Source : Repérage des connaissances, compétences ÉMI dans les nouveaux programmes du lycée (CLEMI)
Descriptif :
Objectifs disciplinaires (cf programme) : aborder le microbiote humain qui “représente l’ensemble des microorganismes qui vit sur et dans le corps humain.”
Capacité attendue en lien avec l’EMI : “Analyser, comparer, critiquer des informations sur les effets scientifiquement prouvés du microbiote et sur l’utilisation du microbiote en santé humaine.”
Lien avec les TRAAM EMI 2023-2024 : « envisager l’élaboration de séquences pédagogiques visant à travailler et à améliorer les compétences de compréhension, de recherche et d’évaluation des informations des élèves sur les interfaces écraniques »
Mise en place des ateliers : 4 ateliers ont été mis en place par les enseignantes.
> Séance 1 (1h30) : atelier 1 qui permet d’entrer dans la thématique “microbiote et santé” (professeure de SVT uniquement),
> Séance 2 (2x1h30) : la moitié des élèves réalise l’atelier 2 en salle de sciences (professeure de SVT), l’autre moitié est au CDI pour réaliser les ateliers 3 et 4 (professeure documentaliste). Les élèves échangent ensuite (dans notre cas, c’était la semaine suivante).
Remarques :
> Pour cette publication et pour répondre à la problématique des TRAAM EMI 23/24, c’est l’atelier 4 “lab’info microbiote” qui sera davantage détaillé. En effet, dans son livre “Savoir chercher”, Monica Macedo-Rouet explique l’importance d’enseigner “de façon structurée et systématique l’évaluation de l’information à l’école et ailleurs” autrement qu’à travers des règles simples et mécaniques (par exemple faire confiance à des sites officiels). Il faut que les élèves comprennent les biais cognitifs, le fonctionnement du cerveau face à ces biais… C’est dans cette optique que nous avons travaillé cette activité.
> Les ateliers de SVT permettent de travailler de nombreuses compétences EMI : ils se basent sur des articles de presse ou des publications issues des réseaux sociaux. Les élèves doivent ensuite suivre un raisonnement scientifique pour valider ou réfuter ces publications. Les ateliers dits EMI commencent de la même manière mais dans ce cadre, les élèves sont davantage amenés à retrouver la source primaire de la publication, à utiliser des moteurs de recherche en mode avancé, à croiser les sources…

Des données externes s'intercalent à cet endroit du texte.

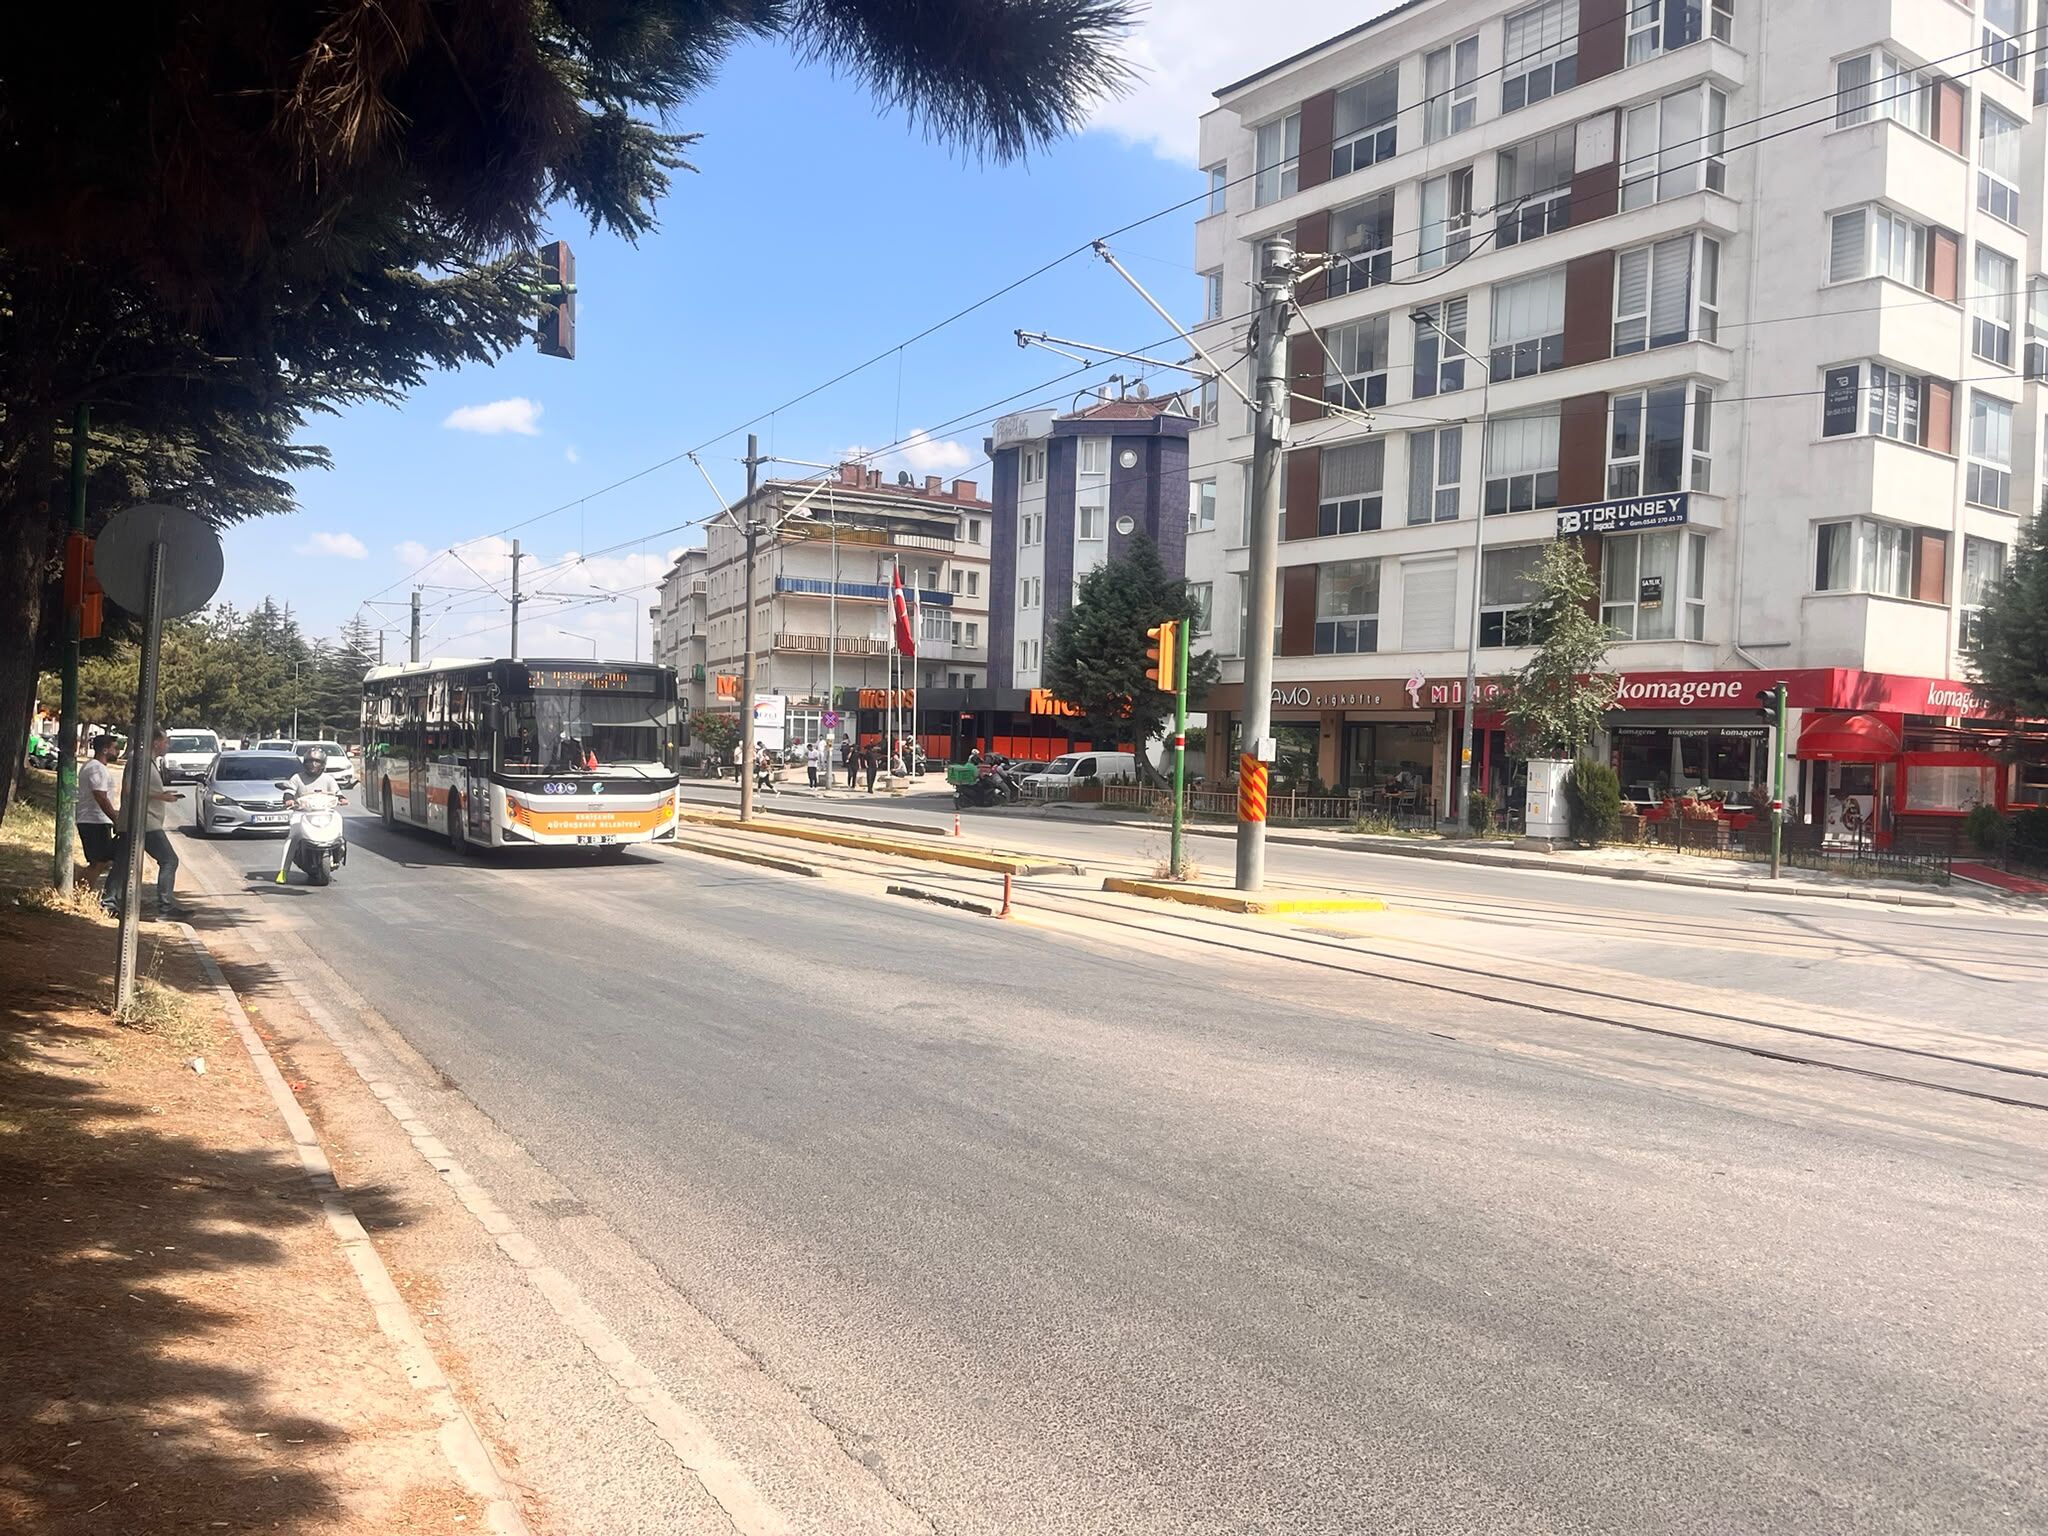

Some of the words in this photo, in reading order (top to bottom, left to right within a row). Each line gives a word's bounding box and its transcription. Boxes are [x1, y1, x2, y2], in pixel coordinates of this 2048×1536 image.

> Le choix a été fait de séparer les lieux pour les ½ groupes afin de travailler avec de très petits effectifs dans un lieu comportant le matériel adéquat. Ainsi, en salle de sciences, les élèves ont abordé l’utilisation du microscope (observation du kéfir). L’enseignante de SVT a ainsi pu prendre le temps avec eux de revoir l’ensemble des étapes du réglage (intéressant en début de seconde pour remettre tous les élèves provenant de collèges différents au même niveau). Au CDI, les élèves ont pu utiliser l’espace collaboratif (tables rondes…), et le pôle info.
Contenu des ateliers animés par la professeure de SVT :
Atelier 1 (professeure de SVT) : le scandale sanitaire des pizzas et des chocolats.
> Mise en situation à partir d’articles de presse sur le scandale des pizzas Buitoni et des oeufs Kinder et enquête à partir de modélisations.
> Notions en SVT : Le microbiote humain représente l’ensemble des microorganismes qui vit sur et dans le corps humain. Le microbiote se met en place dès la naissance et évolue en fonction de différents facteurs comme l’alimentation (présence de fibres) ou les traitements antibiotiques.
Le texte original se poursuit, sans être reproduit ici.